-------- Record excerpts

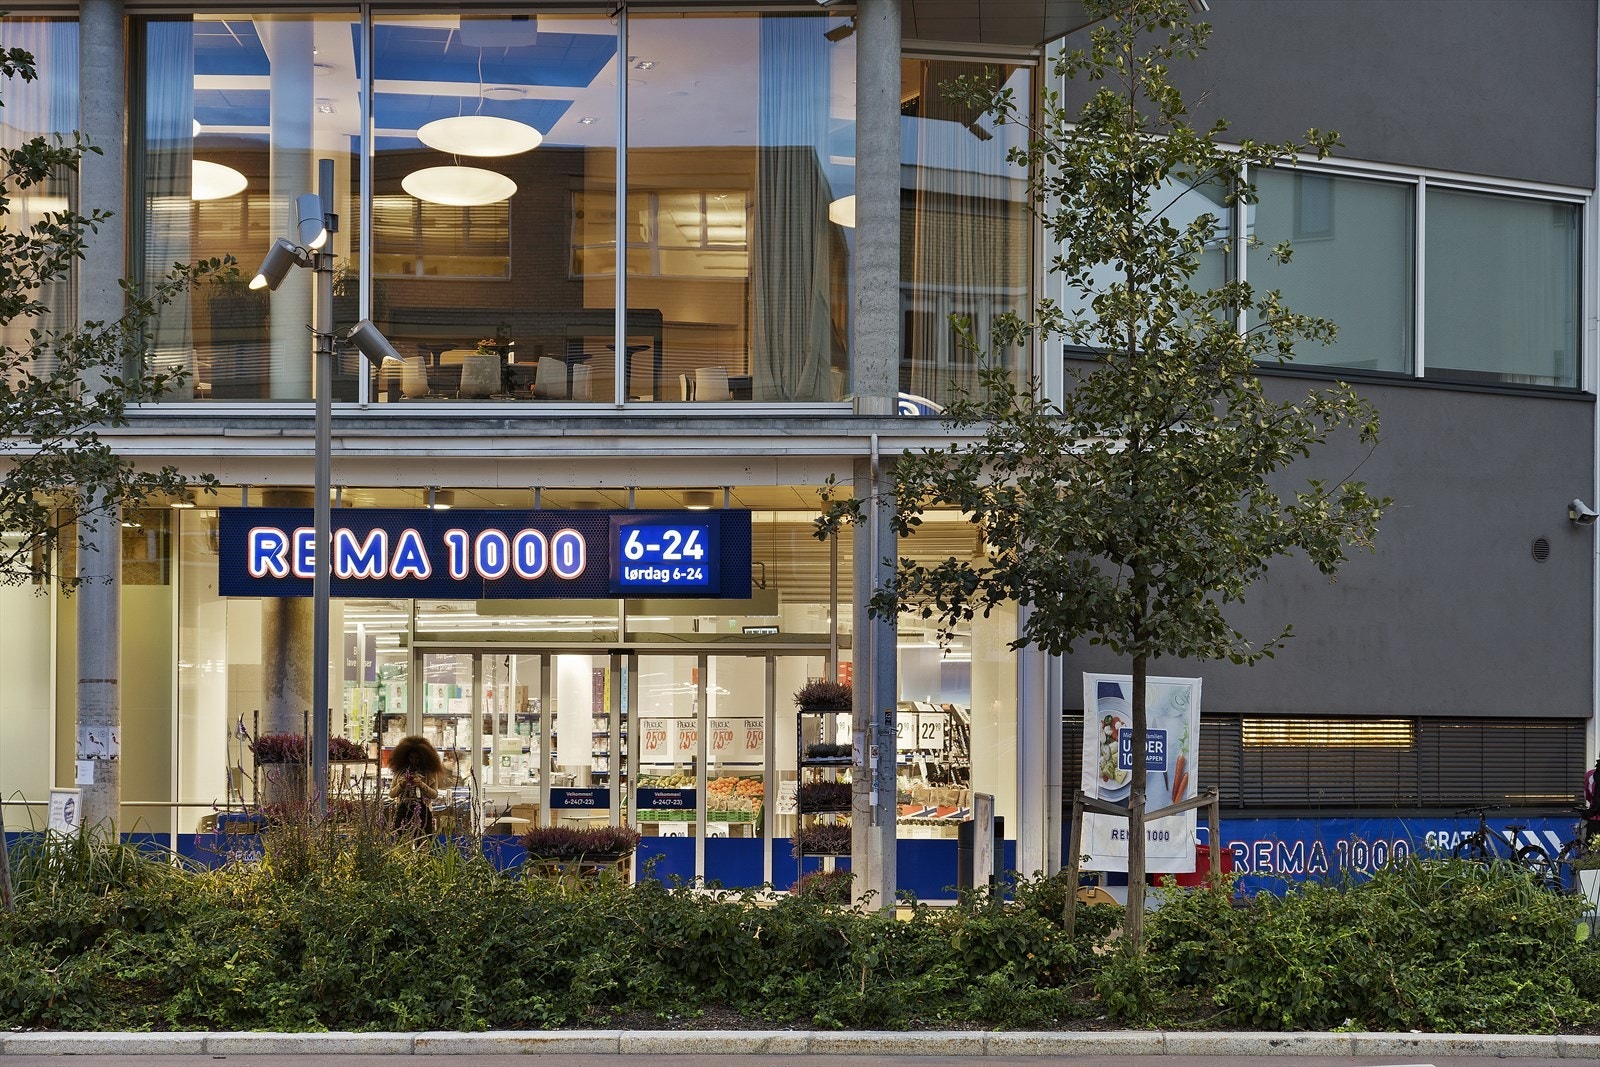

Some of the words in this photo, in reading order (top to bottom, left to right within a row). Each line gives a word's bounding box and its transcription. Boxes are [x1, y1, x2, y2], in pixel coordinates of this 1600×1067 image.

[248, 527, 432, 580] REMA
[444, 528, 587, 580] 1000
[624, 529, 704, 561] 6-24
[625, 566, 670, 583] lørdag
[673, 567, 704, 580] 6-24
[1147, 829, 1170, 841] 1000
[1229, 840, 1328, 873] REMA
[1336, 840, 1409, 873] 1000
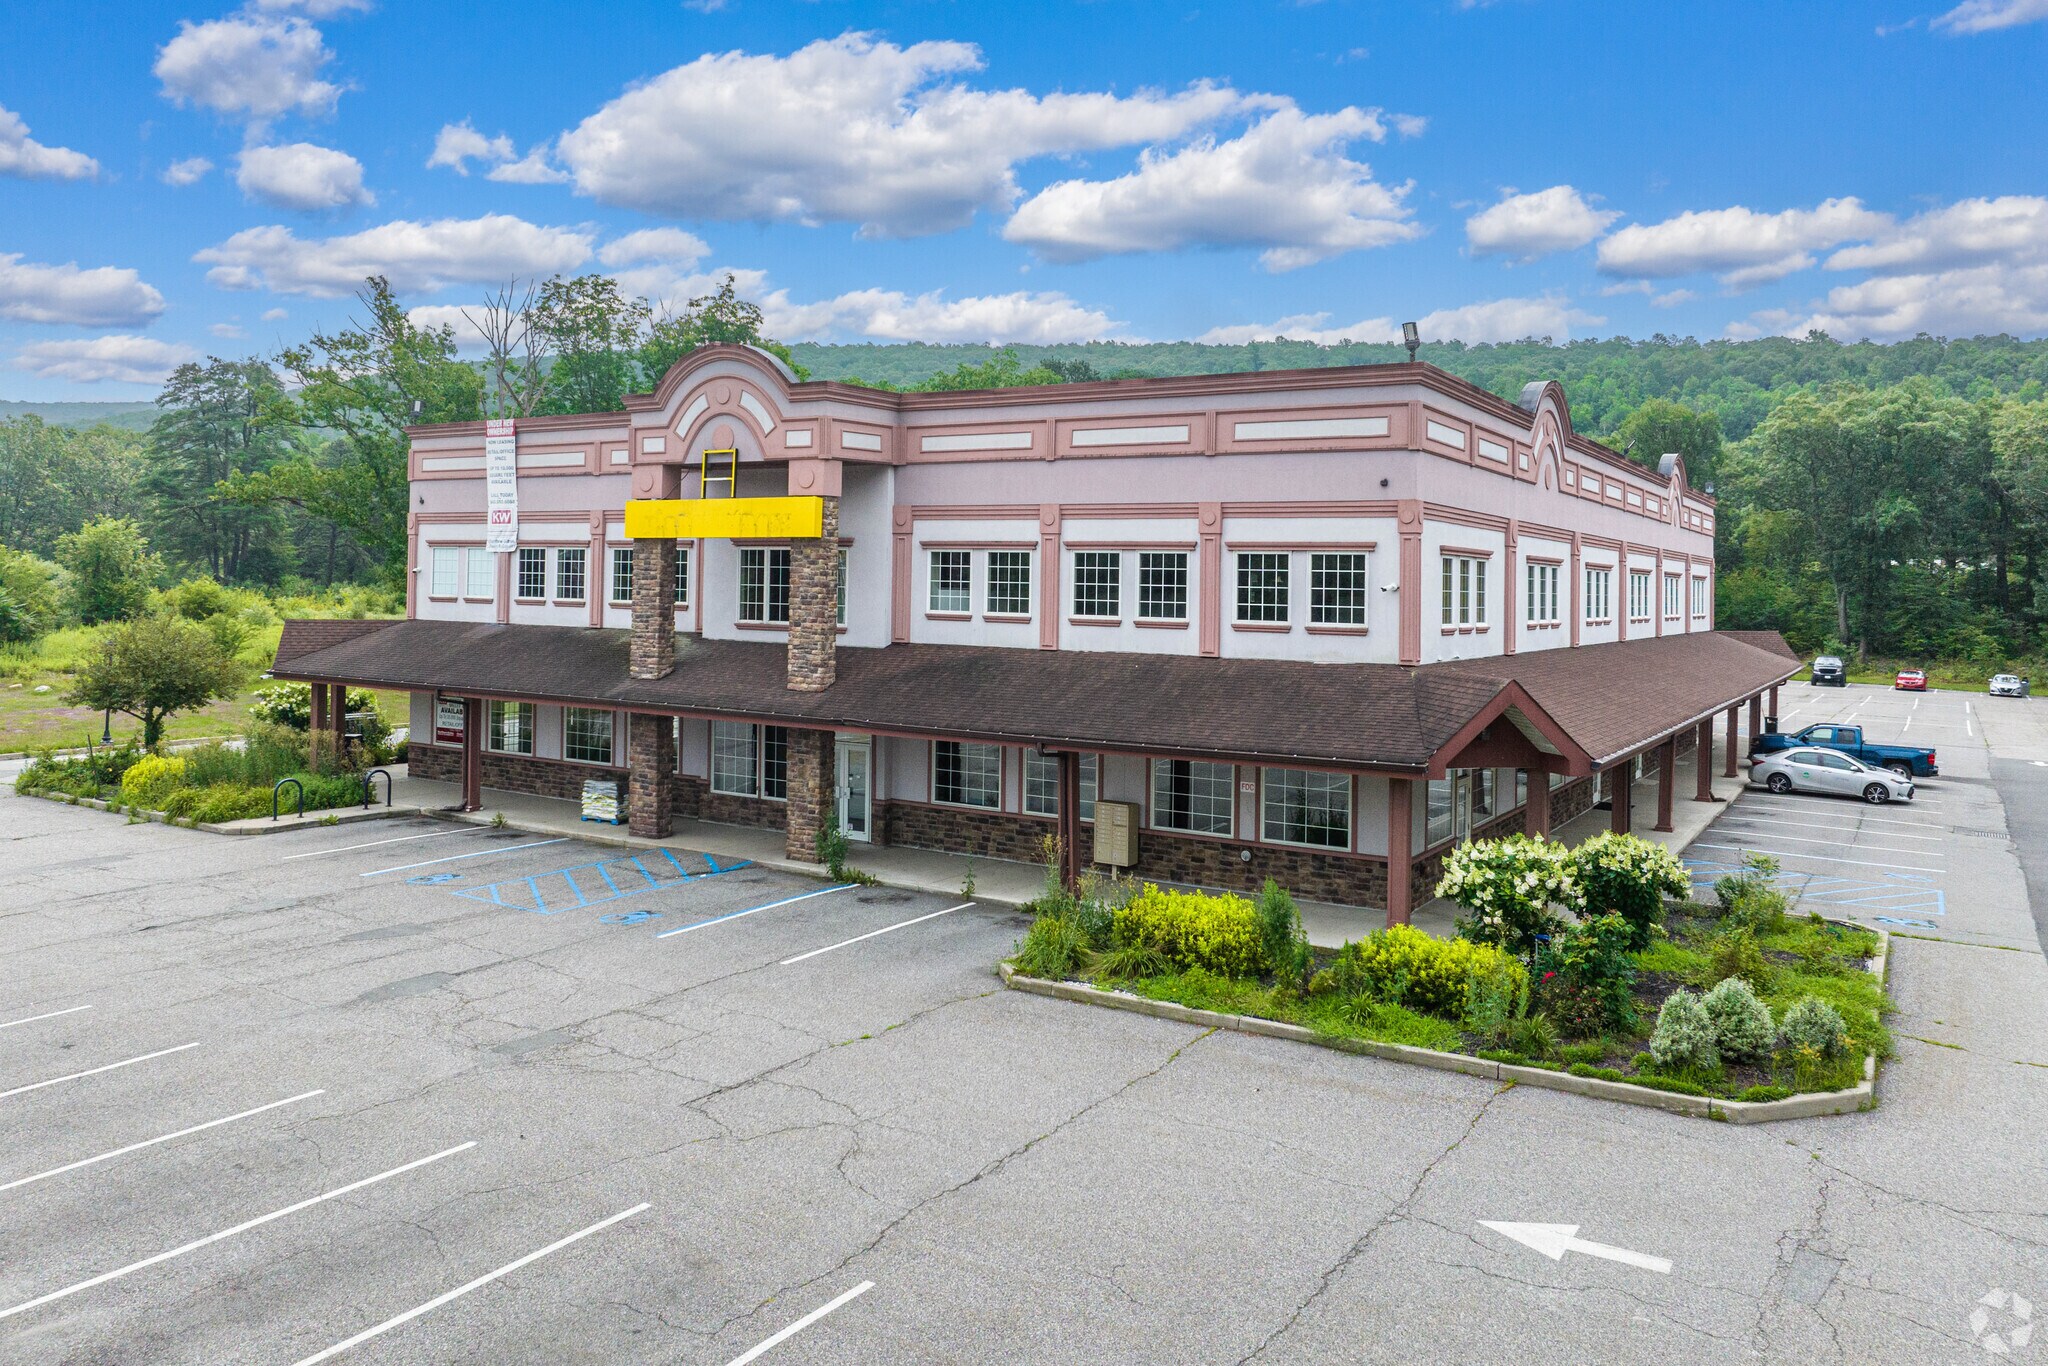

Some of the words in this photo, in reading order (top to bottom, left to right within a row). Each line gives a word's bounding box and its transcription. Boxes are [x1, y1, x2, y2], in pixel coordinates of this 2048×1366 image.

----------------

Task objective
The pictures in the listing above are to be dropped, and everything else reproduced exactly.

Answer to the exercise
Some of the words in this photo, in reading order (top to bottom, left to right within a row). Each line gives a word's bounding box and its transcription. Boxes are [x1, y1, x2, y2], in pixel coordinates of this 1600×1067 image.

[248, 527, 432, 580] REMA
[444, 528, 587, 580] 1000
[624, 529, 704, 561] 6-24
[625, 566, 670, 583] lørdag
[673, 567, 704, 580] 6-24
[1147, 829, 1170, 841] 1000
[1229, 840, 1328, 873] REMA
[1336, 840, 1409, 873] 1000

Some of the words in this photo, in reading order (top to bottom, left to right within a row). Each line gives a word's bounding box and its transcription. Boxes are [x1, y1, x2, y2], in pixel coordinates of this 2048×1366 image.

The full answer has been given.